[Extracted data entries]

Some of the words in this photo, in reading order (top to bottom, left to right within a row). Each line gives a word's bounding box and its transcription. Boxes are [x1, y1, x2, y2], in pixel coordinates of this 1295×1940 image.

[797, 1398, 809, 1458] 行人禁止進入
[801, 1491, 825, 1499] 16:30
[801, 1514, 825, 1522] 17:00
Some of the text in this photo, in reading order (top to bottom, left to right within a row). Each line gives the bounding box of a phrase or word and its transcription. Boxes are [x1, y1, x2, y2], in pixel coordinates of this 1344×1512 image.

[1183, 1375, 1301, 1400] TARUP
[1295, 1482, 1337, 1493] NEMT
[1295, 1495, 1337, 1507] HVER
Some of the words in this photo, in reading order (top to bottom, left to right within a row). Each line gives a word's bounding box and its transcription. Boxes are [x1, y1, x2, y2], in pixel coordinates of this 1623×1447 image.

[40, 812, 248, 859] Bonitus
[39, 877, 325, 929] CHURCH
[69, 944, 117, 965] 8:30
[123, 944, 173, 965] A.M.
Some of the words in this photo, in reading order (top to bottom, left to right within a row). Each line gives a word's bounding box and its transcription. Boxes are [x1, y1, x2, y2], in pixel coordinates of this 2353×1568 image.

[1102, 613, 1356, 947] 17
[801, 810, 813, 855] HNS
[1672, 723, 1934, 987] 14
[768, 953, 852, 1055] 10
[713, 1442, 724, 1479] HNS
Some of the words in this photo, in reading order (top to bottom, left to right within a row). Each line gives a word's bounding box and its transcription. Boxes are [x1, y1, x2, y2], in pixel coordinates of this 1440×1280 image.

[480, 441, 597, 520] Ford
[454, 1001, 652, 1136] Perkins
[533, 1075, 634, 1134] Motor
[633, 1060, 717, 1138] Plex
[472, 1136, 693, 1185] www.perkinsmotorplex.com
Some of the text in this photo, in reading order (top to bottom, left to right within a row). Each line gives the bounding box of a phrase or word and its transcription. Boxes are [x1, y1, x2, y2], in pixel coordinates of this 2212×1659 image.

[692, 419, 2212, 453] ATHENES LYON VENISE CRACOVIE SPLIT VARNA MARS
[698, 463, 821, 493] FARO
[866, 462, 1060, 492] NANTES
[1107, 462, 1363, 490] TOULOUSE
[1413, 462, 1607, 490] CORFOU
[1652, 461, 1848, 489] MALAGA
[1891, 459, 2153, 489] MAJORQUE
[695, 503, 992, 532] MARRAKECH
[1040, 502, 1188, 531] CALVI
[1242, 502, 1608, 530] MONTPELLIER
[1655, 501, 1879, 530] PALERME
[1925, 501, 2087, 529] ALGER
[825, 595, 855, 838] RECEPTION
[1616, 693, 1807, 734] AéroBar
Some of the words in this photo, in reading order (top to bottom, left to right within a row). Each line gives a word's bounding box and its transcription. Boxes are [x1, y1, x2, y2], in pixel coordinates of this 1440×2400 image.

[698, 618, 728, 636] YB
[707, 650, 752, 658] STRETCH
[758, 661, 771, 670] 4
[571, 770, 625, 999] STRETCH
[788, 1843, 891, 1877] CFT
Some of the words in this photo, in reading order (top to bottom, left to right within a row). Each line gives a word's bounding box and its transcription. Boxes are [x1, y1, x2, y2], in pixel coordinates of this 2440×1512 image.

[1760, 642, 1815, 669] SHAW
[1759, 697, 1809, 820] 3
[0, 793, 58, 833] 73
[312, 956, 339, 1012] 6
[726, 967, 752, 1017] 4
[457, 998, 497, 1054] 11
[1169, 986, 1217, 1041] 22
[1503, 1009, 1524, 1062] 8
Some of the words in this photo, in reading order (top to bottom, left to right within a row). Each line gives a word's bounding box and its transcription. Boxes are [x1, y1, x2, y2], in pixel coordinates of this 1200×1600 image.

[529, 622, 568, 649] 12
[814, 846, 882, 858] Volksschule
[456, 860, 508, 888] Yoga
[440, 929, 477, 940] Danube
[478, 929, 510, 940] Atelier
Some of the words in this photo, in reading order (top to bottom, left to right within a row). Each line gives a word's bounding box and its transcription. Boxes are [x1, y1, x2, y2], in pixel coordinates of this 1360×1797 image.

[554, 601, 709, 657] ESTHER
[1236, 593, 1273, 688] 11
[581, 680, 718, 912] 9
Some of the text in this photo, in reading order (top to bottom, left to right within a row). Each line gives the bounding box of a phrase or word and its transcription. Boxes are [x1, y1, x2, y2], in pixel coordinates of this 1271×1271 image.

--- WORK ORDER ---
Once more, write out the records exactly as they are.

--- OUTPUT OF THE TASK ---
Some of the words in this photo, in reading order (top to bottom, left to right within a row). Each line gives a word's bounding box and its transcription. Boxes are [x1, y1, x2, y2], in pixel coordinates of this 1295×1940 image.

[797, 1398, 809, 1458] 行人禁止進入
[801, 1491, 825, 1499] 16:30
[801, 1514, 825, 1522] 17:00
Some of the text in this photo, in reading order (top to bottom, left to right within a row). Each line gives the bounding box of a phrase or word and its transcription. Boxes are [x1, y1, x2, y2], in pixel coordinates of this 1344×1512 image.

[1183, 1375, 1301, 1400] TARUP
[1295, 1482, 1337, 1493] NEMT
[1295, 1495, 1337, 1507] HVER
Some of the words in this photo, in reading order (top to bottom, left to right within a row). Each line gives a word's bounding box and its transcription. Boxes are [x1, y1, x2, y2], in pixel coordinates of this 1623×1447 image.

[40, 812, 248, 859] Bonitus
[39, 877, 325, 929] CHURCH
[69, 944, 117, 965] 8:30
[123, 944, 173, 965] A.M.
Some of the words in this photo, in reading order (top to bottom, left to right within a row). Each line gives a word's bounding box and its transcription. Boxes are [x1, y1, x2, y2], in pixel coordinates of this 2353×1568 image.

[1102, 613, 1356, 947] 17
[801, 810, 813, 855] HNS
[1672, 723, 1934, 987] 14
[768, 953, 852, 1055] 10
[713, 1442, 724, 1479] HNS
Some of the words in this photo, in reading order (top to bottom, left to right within a row). Each line gives a word's bounding box and its transcription. Boxes are [x1, y1, x2, y2], in pixel coordinates of this 1440×1280 image.

[480, 441, 597, 520] Ford
[454, 1001, 652, 1136] Perkins
[533, 1075, 634, 1134] Motor
[633, 1060, 717, 1138] Plex
[472, 1136, 693, 1185] www.perkinsmotorplex.com
Some of the text in this photo, in reading order (top to bottom, left to right within a row). Each line gives the bounding box of a phrase or word and its transcription. Boxes are [x1, y1, x2, y2], in pixel coordinates of this 2212×1659 image.

[692, 419, 2212, 453] ATHENES LYON VENISE CRACOVIE SPLIT VARNA MARS
[698, 463, 821, 493] FARO
[866, 462, 1060, 492] NANTES
[1107, 462, 1363, 490] TOULOUSE
[1413, 462, 1607, 490] CORFOU
[1652, 461, 1848, 489] MALAGA
[1891, 459, 2153, 489] MAJORQUE
[695, 503, 992, 532] MARRAKECH
[1040, 502, 1188, 531] CALVI
[1242, 502, 1608, 530] MONTPELLIER
[1655, 501, 1879, 530] PALERME
[1925, 501, 2087, 529] ALGER
[825, 595, 855, 838] RECEPTION
[1616, 693, 1807, 734] AéroBar
Some of the words in this photo, in reading order (top to bottom, left to right within a row). Each line gives a word's bounding box and its transcription. Boxes are [x1, y1, x2, y2], in pixel coordinates of this 1440×2400 image.

[698, 618, 728, 636] YB
[707, 650, 752, 658] STRETCH
[758, 661, 771, 670] 4
[571, 770, 625, 999] STRETCH
[788, 1843, 891, 1877] CFT
Some of the words in this photo, in reading order (top to bottom, left to right within a row). Each line gives a word's bounding box and its transcription. Boxes are [x1, y1, x2, y2], in pixel coordinates of this 2440×1512 image.

[1760, 642, 1815, 669] SHAW
[1759, 697, 1809, 820] 3
[0, 793, 58, 833] 73
[312, 956, 339, 1012] 6
[726, 967, 752, 1017] 4
[457, 998, 497, 1054] 11
[1169, 986, 1217, 1041] 22
[1503, 1009, 1524, 1062] 8
Some of the words in this photo, in reading order (top to bottom, left to right within a row). Each line gives a word's bounding box and its transcription. Boxes are [x1, y1, x2, y2], in pixel coordinates of this 1200×1600 image.

[529, 622, 568, 649] 12
[814, 846, 882, 858] Volksschule
[456, 860, 508, 888] Yoga
[440, 929, 477, 940] Danube
[478, 929, 510, 940] Atelier
Some of the words in this photo, in reading order (top to bottom, left to right within a row). Each line gives a word's bounding box and its transcription. Boxes are [x1, y1, x2, y2], in pixel coordinates of this 1360×1797 image.

[554, 601, 709, 657] ESTHER
[1236, 593, 1273, 688] 11
[581, 680, 718, 912] 9
Some of the text in this photo, in reading order (top to bottom, left to right within a row). Each line gives the bounding box of a phrase or word and its transcription. Boxes are [x1, y1, x2, y2], in pixel coordinates of this 1271×1271 image.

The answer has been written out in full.